(Task inputs begins)
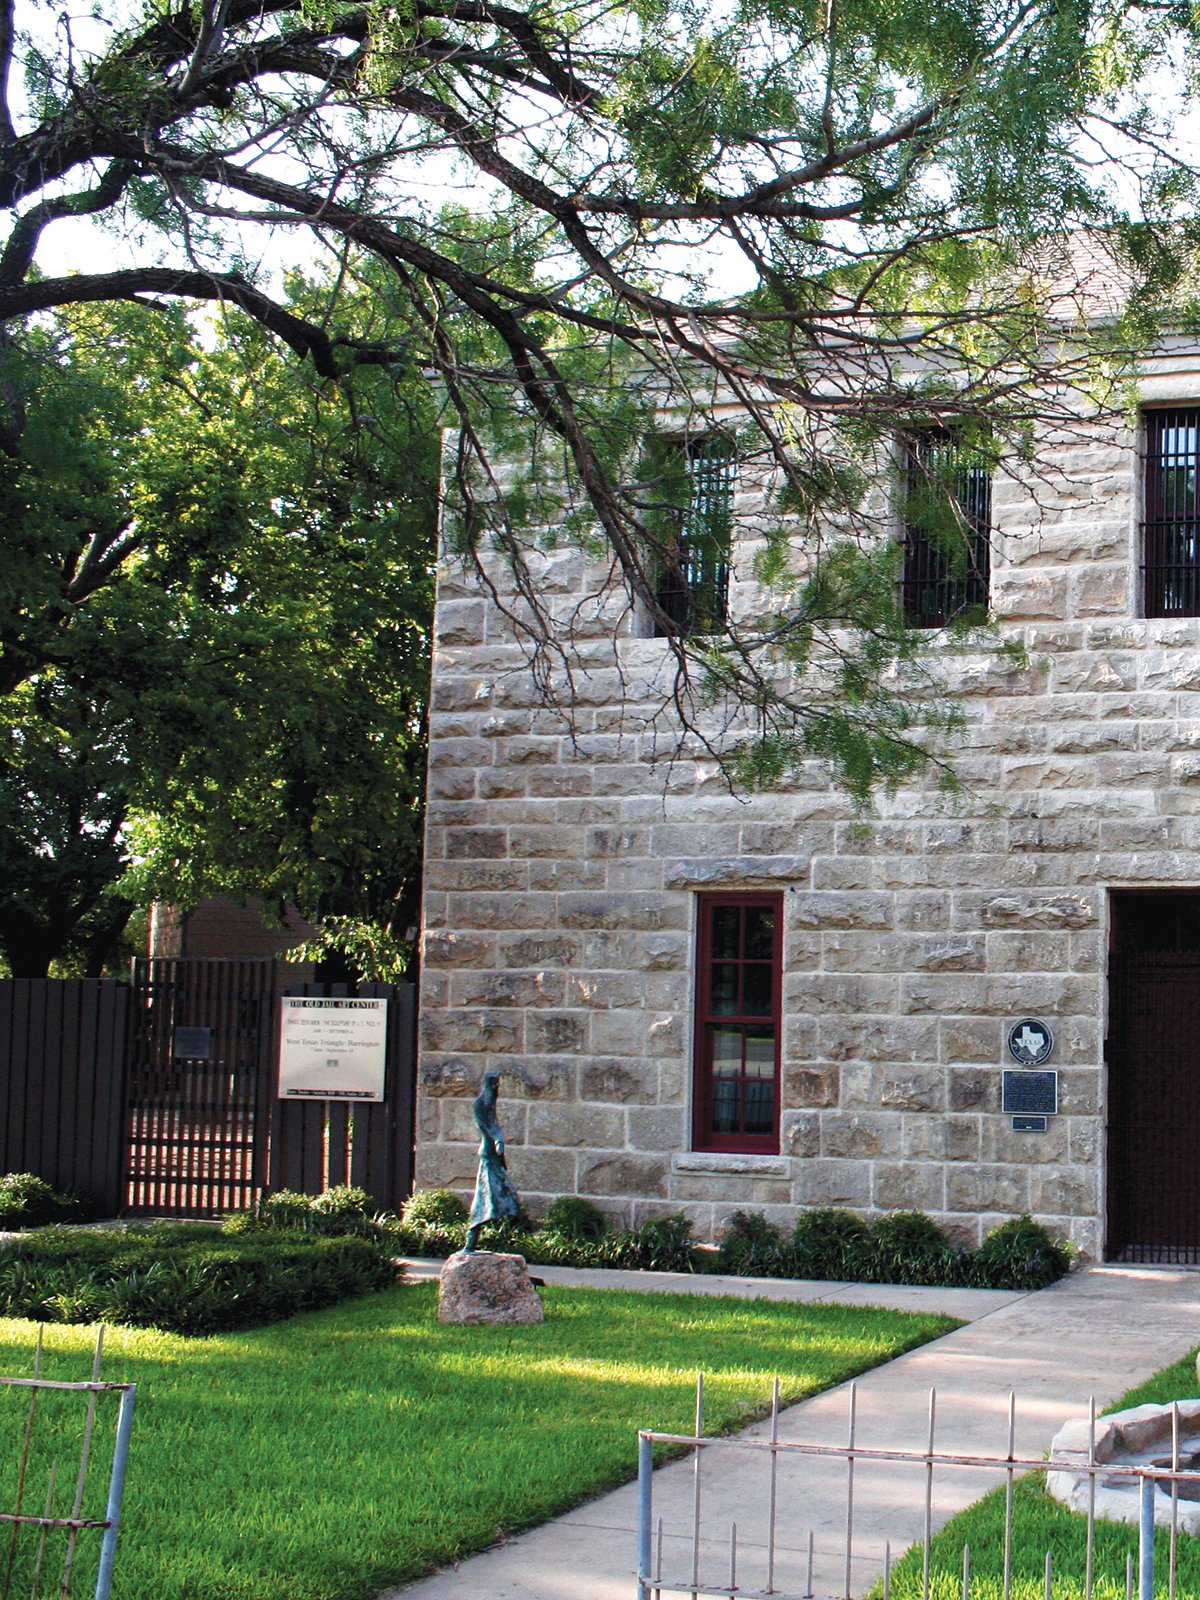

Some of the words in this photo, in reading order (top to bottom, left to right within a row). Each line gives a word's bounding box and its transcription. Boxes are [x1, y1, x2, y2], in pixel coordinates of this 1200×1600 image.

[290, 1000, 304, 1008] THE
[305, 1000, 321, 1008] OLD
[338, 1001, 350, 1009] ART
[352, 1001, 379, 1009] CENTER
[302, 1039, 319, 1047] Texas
(Task inputs ends)
### Task requirements
For every entry above, write it out exactly and remove any image.

### Output of the task
Some of the words in this photo, in reading order (top to bottom, left to right within a row). Each line gives a word's bounding box and its transcription. Boxes are [x1, y1, x2, y2], in pixel coordinates of this 1200×1600 image.

[290, 1000, 304, 1008] THE
[305, 1000, 321, 1008] OLD
[338, 1001, 350, 1009] ART
[352, 1001, 379, 1009] CENTER
[302, 1039, 319, 1047] Texas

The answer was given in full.